[Try it]: Your answer should be the complete set of entries, transcribed exactly.

==== Information shown

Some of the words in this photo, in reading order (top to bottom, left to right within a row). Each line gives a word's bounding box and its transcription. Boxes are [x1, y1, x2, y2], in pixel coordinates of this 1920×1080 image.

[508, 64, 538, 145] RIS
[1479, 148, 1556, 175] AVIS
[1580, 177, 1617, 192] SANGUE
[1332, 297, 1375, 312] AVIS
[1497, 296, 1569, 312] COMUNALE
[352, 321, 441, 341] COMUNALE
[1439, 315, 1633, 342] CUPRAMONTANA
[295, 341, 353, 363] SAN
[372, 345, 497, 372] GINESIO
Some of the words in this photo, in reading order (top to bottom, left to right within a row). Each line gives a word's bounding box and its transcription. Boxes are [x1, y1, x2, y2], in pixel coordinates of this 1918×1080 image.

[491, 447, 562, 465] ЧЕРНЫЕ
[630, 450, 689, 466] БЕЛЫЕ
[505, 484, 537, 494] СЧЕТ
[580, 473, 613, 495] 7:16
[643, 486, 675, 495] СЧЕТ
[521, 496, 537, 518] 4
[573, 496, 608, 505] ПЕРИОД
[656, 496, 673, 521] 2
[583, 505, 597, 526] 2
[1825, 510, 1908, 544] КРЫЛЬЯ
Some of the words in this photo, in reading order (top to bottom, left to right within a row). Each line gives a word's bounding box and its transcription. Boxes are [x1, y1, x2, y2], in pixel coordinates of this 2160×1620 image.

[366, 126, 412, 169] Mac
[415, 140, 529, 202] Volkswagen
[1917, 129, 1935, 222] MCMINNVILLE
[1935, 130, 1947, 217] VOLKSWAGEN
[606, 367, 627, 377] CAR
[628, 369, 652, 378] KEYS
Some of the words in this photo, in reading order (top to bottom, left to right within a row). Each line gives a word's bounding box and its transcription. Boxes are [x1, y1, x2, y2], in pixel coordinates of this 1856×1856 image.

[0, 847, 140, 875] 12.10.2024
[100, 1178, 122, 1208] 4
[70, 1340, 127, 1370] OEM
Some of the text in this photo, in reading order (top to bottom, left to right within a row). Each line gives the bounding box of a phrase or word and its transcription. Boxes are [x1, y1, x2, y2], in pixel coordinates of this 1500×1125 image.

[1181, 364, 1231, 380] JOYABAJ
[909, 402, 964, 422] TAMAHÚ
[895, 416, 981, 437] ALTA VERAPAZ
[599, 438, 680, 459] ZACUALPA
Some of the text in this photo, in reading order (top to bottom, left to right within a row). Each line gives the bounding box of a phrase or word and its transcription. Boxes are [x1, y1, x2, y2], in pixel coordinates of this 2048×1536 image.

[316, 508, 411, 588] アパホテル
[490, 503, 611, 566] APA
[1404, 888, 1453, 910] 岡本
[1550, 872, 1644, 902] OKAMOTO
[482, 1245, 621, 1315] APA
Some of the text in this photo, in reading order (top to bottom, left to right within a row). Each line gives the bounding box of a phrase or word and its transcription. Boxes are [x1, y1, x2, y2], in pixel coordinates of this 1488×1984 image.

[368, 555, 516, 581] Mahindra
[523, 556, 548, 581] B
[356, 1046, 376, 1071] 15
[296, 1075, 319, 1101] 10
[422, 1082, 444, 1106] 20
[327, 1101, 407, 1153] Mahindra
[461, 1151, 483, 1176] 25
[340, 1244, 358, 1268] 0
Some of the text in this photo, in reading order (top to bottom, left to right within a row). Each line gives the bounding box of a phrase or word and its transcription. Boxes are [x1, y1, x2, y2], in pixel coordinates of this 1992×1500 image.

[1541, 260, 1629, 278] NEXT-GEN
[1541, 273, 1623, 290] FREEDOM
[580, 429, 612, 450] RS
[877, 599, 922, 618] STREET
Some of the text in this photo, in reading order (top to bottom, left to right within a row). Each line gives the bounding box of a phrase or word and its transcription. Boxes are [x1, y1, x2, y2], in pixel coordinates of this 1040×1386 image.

========

[Output of the task]:
Some of the words in this photo, in reading order (top to bottom, left to right within a row). Each line gives a word's bounding box and its transcription. Boxes are [x1, y1, x2, y2], in pixel coordinates of this 1920×1080 image.

[508, 64, 538, 145] RIS
[1479, 148, 1556, 175] AVIS
[1580, 177, 1617, 192] SANGUE
[1332, 297, 1375, 312] AVIS
[1497, 296, 1569, 312] COMUNALE
[352, 321, 441, 341] COMUNALE
[1439, 315, 1633, 342] CUPRAMONTANA
[295, 341, 353, 363] SAN
[372, 345, 497, 372] GINESIO
Some of the words in this photo, in reading order (top to bottom, left to right within a row). Each line gives a word's bounding box and its transcription. Boxes are [x1, y1, x2, y2], in pixel coordinates of this 1918×1080 image.

[491, 447, 562, 465] ЧЕРНЫЕ
[630, 450, 689, 466] БЕЛЫЕ
[505, 484, 537, 494] СЧЕТ
[580, 473, 613, 495] 7:16
[643, 486, 675, 495] СЧЕТ
[521, 496, 537, 518] 4
[573, 496, 608, 505] ПЕРИОД
[656, 496, 673, 521] 2
[583, 505, 597, 526] 2
[1825, 510, 1908, 544] КРЫЛЬЯ
Some of the words in this photo, in reading order (top to bottom, left to right within a row). Each line gives a word's bounding box and its transcription. Boxes are [x1, y1, x2, y2], in pixel coordinates of this 2160×1620 image.

[366, 126, 412, 169] Mac
[415, 140, 529, 202] Volkswagen
[1917, 129, 1935, 222] MCMINNVILLE
[1935, 130, 1947, 217] VOLKSWAGEN
[606, 367, 627, 377] CAR
[628, 369, 652, 378] KEYS
Some of the words in this photo, in reading order (top to bottom, left to right within a row). Each line gives a word's bounding box and its transcription. Boxes are [x1, y1, x2, y2], in pixel coordinates of this 1856×1856 image.

[0, 847, 140, 875] 12.10.2024
[100, 1178, 122, 1208] 4
[70, 1340, 127, 1370] OEM
Some of the text in this photo, in reading order (top to bottom, left to right within a row). Each line gives the bounding box of a phrase or word and its transcription. Boxes are [x1, y1, x2, y2], in pixel coordinates of this 1500×1125 image.

[1181, 364, 1231, 380] JOYABAJ
[909, 402, 964, 422] TAMAHÚ
[895, 416, 981, 437] ALTA VERAPAZ
[599, 438, 680, 459] ZACUALPA
Some of the text in this photo, in reading order (top to bottom, left to right within a row). Each line gives the bounding box of a phrase or word and its transcription. Boxes are [x1, y1, x2, y2], in pixel coordinates of this 2048×1536 image.

[316, 508, 411, 588] アパホテル
[490, 503, 611, 566] APA
[1404, 888, 1453, 910] 岡本
[1550, 872, 1644, 902] OKAMOTO
[482, 1245, 621, 1315] APA
Some of the text in this photo, in reading order (top to bottom, left to right within a row). Each line gives the bounding box of a phrase or word and its transcription. Boxes are [x1, y1, x2, y2], in pixel coordinates of this 1488×1984 image.

[368, 555, 516, 581] Mahindra
[523, 556, 548, 581] B
[356, 1046, 376, 1071] 15
[296, 1075, 319, 1101] 10
[422, 1082, 444, 1106] 20
[327, 1101, 407, 1153] Mahindra
[461, 1151, 483, 1176] 25
[340, 1244, 358, 1268] 0
Some of the text in this photo, in reading order (top to bottom, left to right within a row). Each line gives the bounding box of a phrase or word and its transcription. Boxes are [x1, y1, x2, y2], in pixel coordinates of this 1992×1500 image.

[1541, 260, 1629, 278] NEXT-GEN
[1541, 273, 1623, 290] FREEDOM
[580, 429, 612, 450] RS
[877, 599, 922, 618] STREET
Some of the text in this photo, in reading order (top to bottom, left to right within a row). Each line gives the bounding box of a phrase or word and its transcription. Boxes are [x1, y1, x2, y2], in pixel coordinates of this 1040×1386 image.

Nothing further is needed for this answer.